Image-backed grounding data
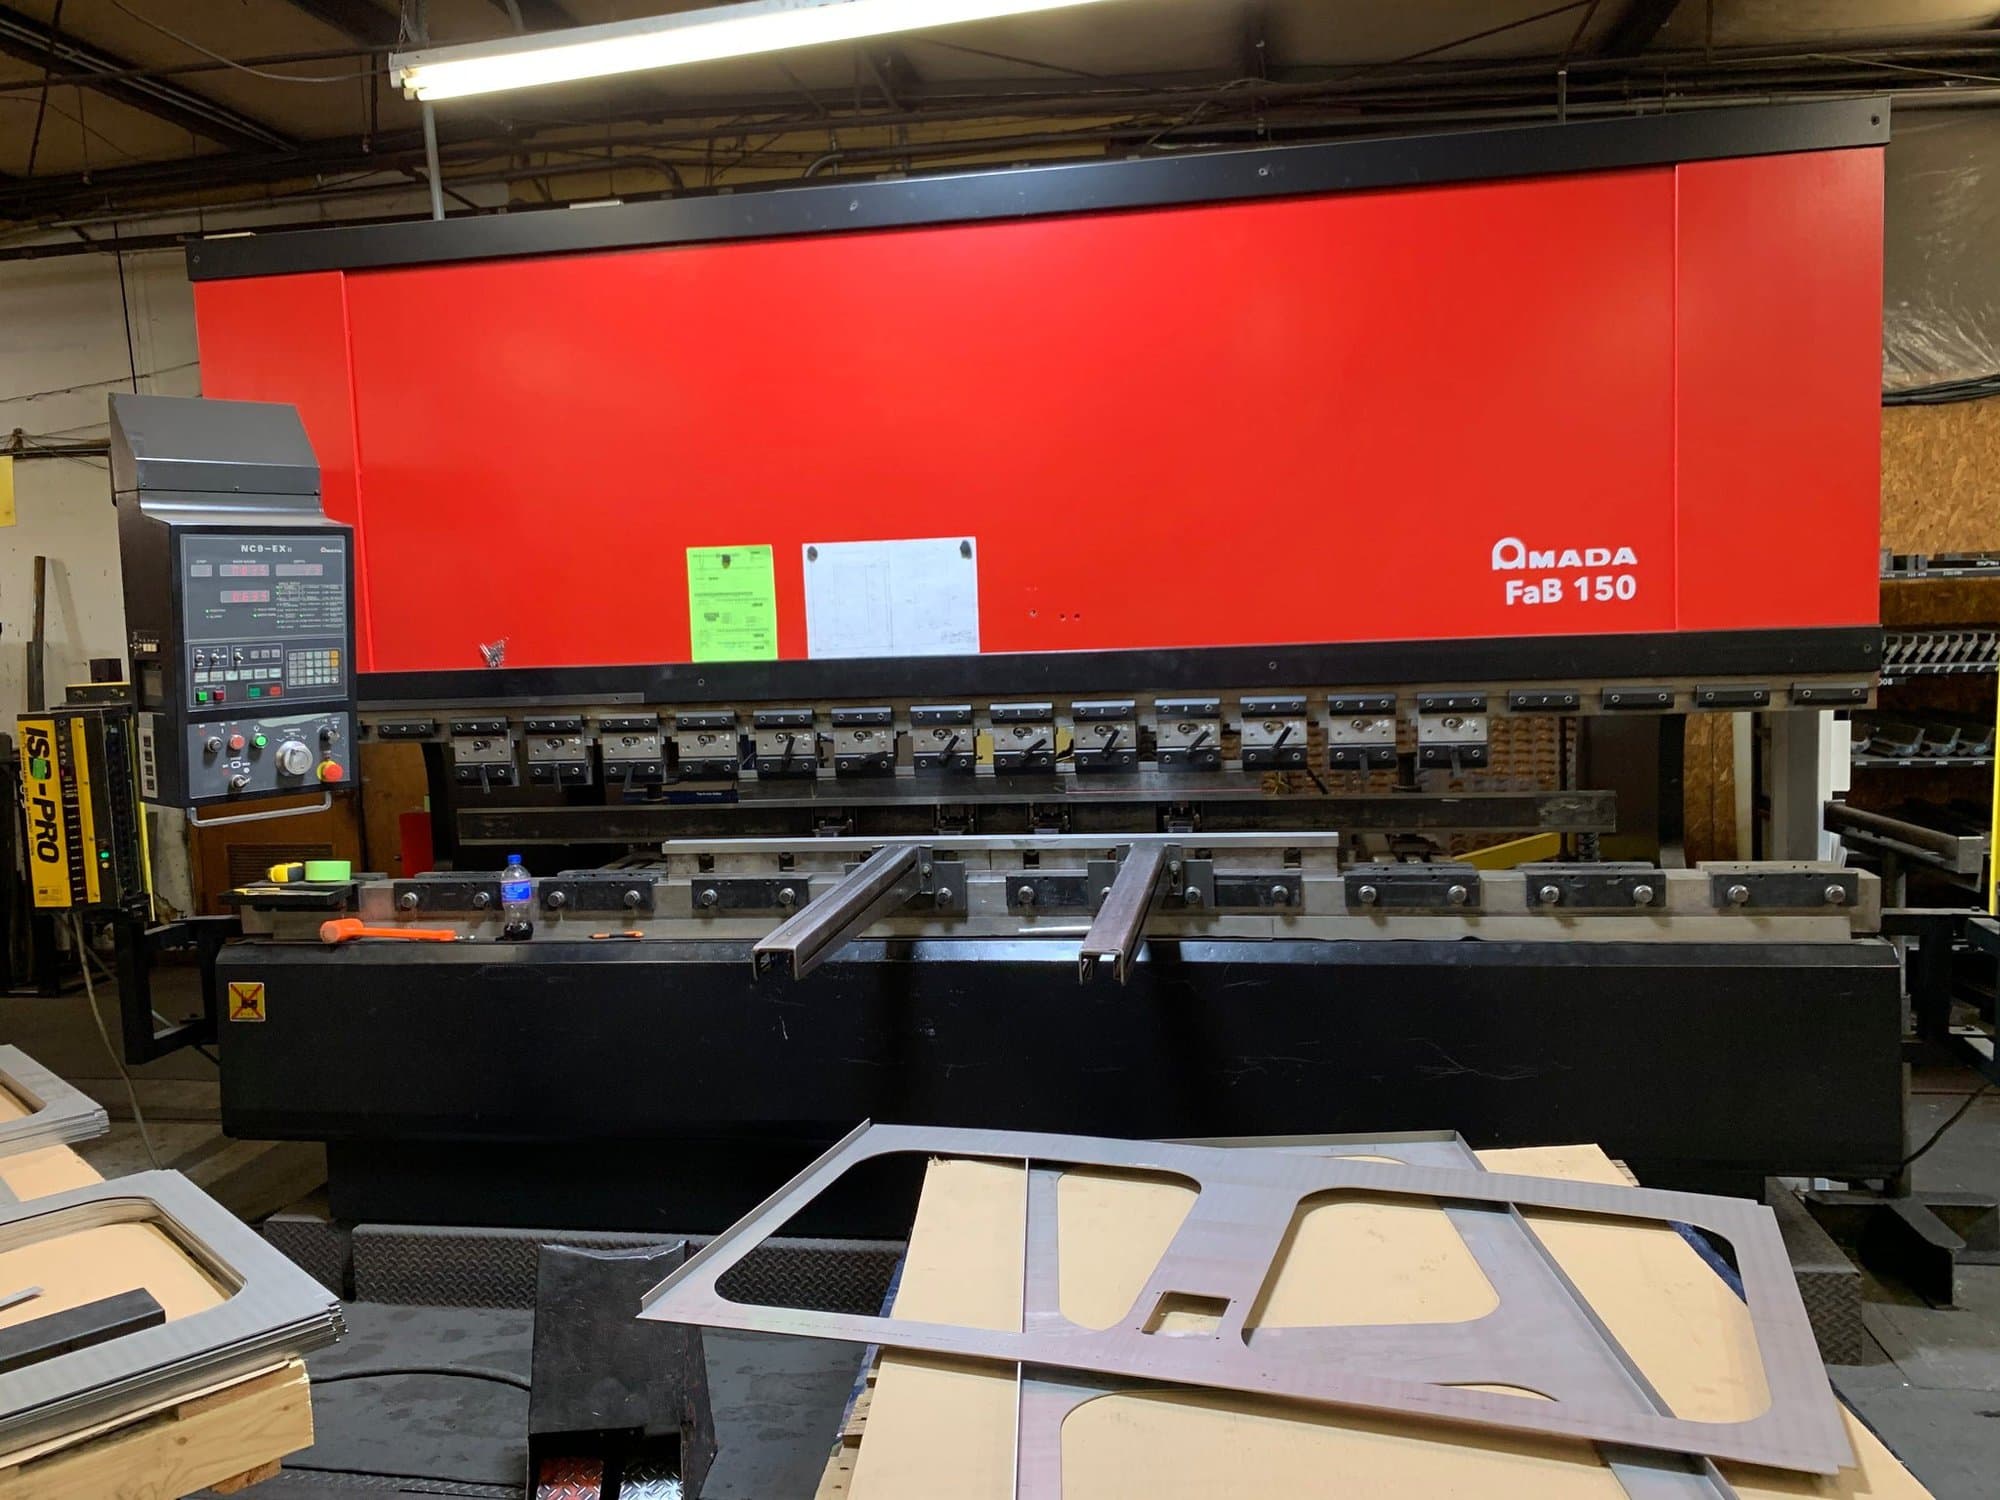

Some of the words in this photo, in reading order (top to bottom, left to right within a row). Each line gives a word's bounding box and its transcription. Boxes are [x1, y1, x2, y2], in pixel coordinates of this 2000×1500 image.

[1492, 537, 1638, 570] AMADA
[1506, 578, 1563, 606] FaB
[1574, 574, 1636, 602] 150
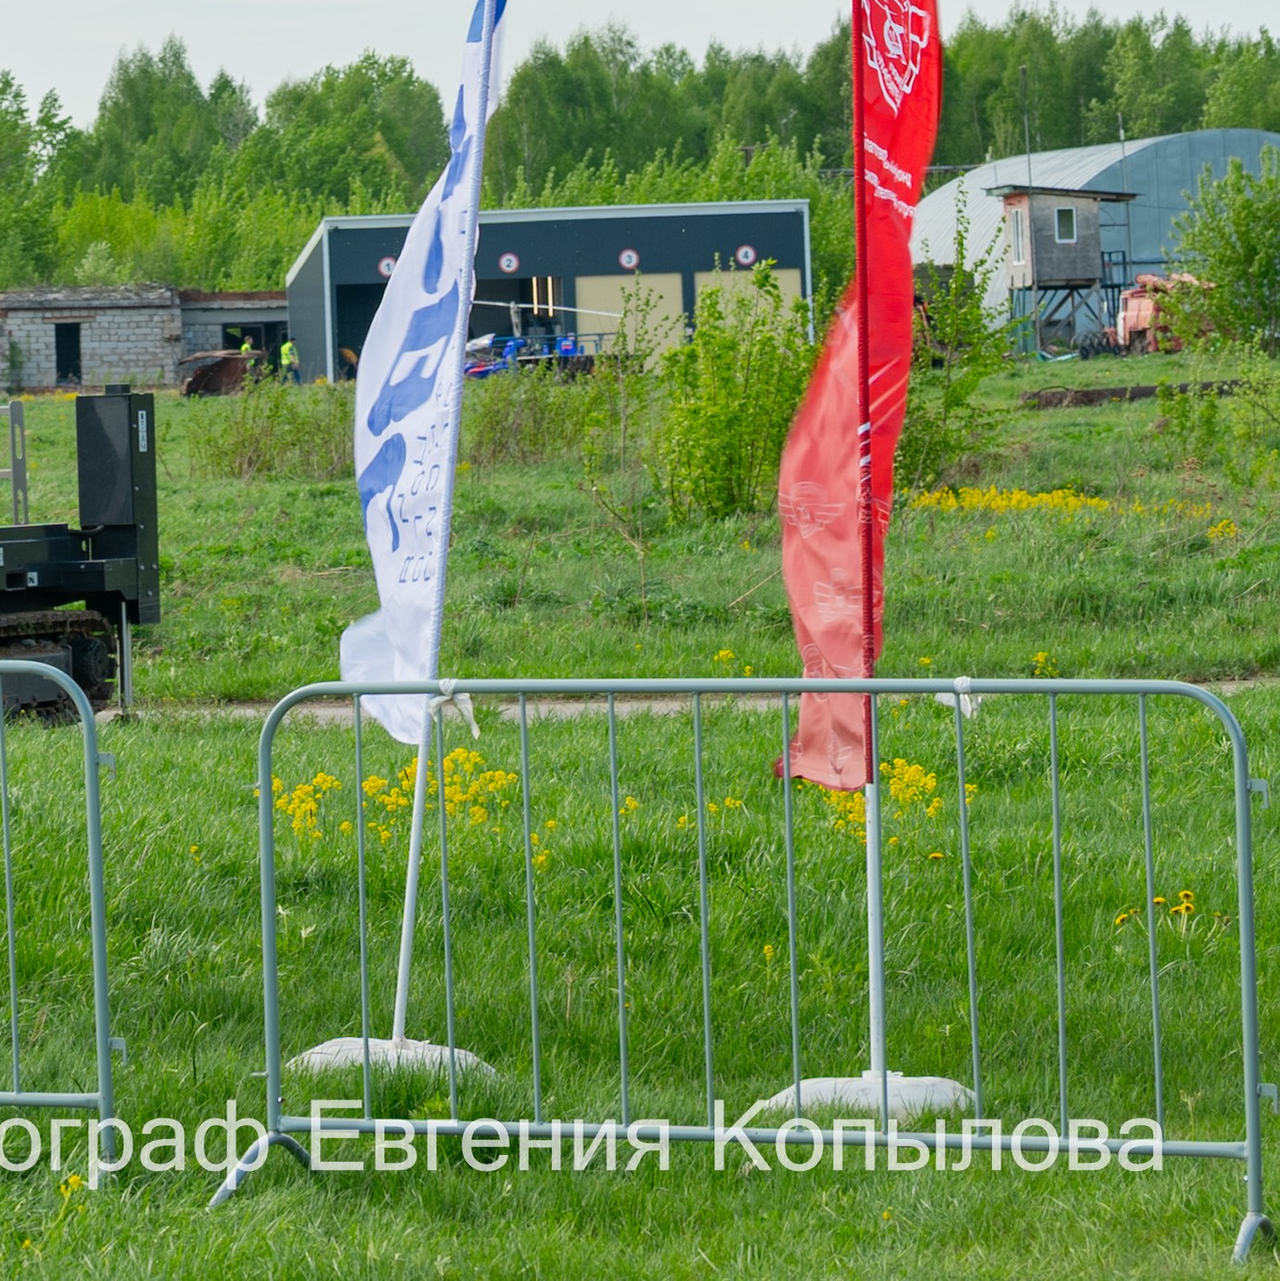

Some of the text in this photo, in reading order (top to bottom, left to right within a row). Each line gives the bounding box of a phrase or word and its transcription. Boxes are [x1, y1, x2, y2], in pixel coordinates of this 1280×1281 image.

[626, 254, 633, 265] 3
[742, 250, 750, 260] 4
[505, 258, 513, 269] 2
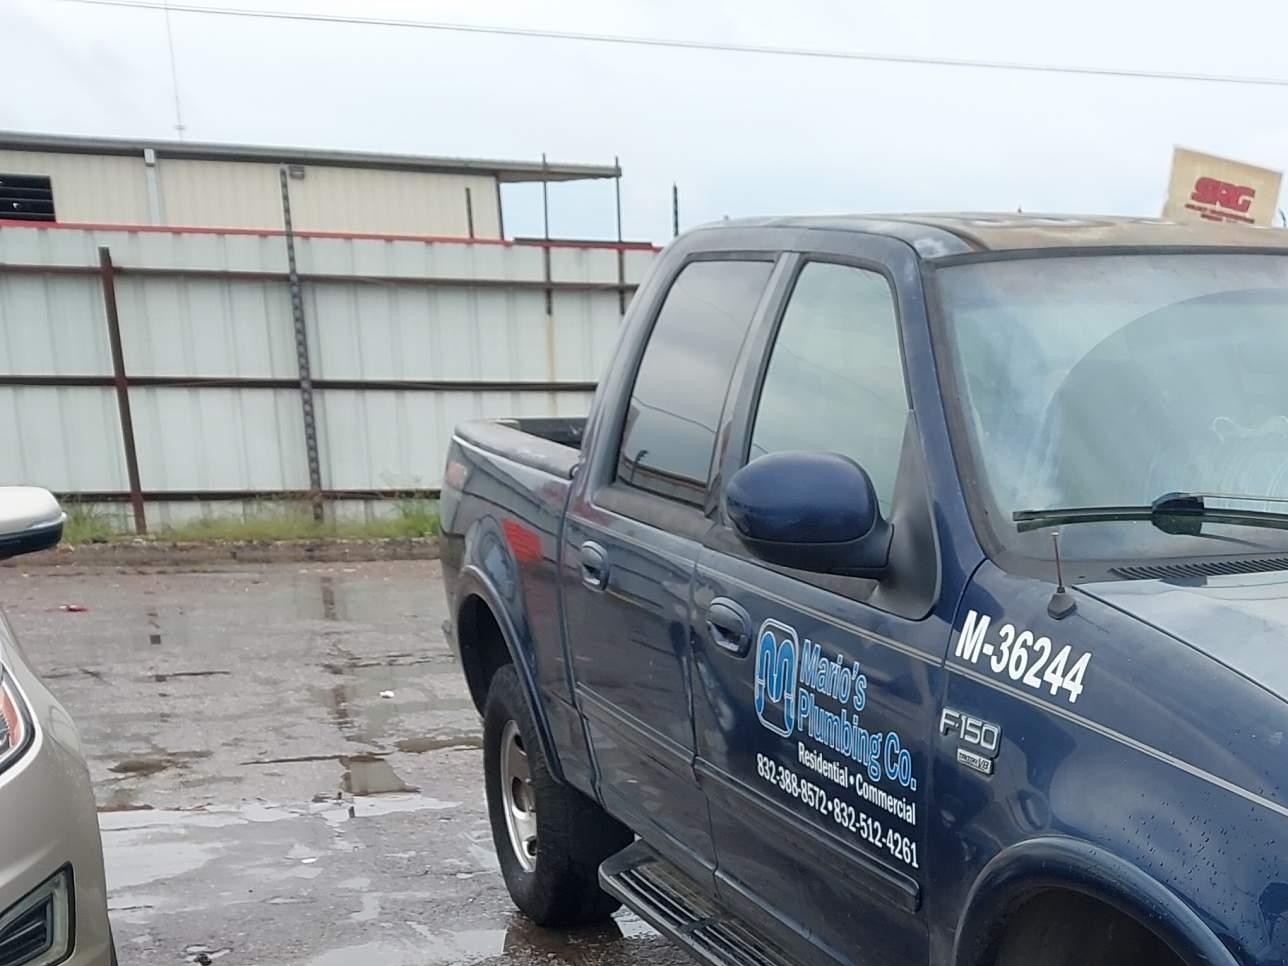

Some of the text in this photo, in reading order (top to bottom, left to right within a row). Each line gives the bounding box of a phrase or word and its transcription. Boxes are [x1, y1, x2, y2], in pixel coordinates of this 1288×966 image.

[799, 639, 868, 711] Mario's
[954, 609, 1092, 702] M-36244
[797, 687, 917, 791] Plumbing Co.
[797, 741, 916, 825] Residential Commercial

Exercise aim: The response should consist of the entries above, given again exactly and free of pictures.

Answer to this task:
Some of the words in this photo, in reading order (top to bottom, left to right within a row). Each line gives a word's bounding box and its transcription. Boxes are [x1, y1, x2, y2], in pixel coordinates of this 2000×1500 image.

[1492, 537, 1638, 570] AMADA
[1506, 578, 1563, 606] FaB
[1574, 574, 1636, 602] 150

Some of the text in this photo, in reading order (top to bottom, left to right within a row). Each line gives the bounding box of a phrase or word and its transcription. Boxes are [x1, y1, x2, y2], in pixel coordinates of this 1280×1281 image.

[626, 254, 633, 265] 3
[742, 250, 750, 260] 4
[505, 258, 513, 269] 2

Some of the text in this photo, in reading order (top to bottom, left to right within a row). Each line gives the bounding box of a phrase or word and its transcription. Boxes are [x1, y1, x2, y2], in pixel coordinates of this 1288×966 image.

[799, 639, 868, 711] Mario's
[954, 609, 1092, 702] M-36244
[797, 687, 917, 791] Plumbing Co.
[797, 741, 916, 825] Residential Commercial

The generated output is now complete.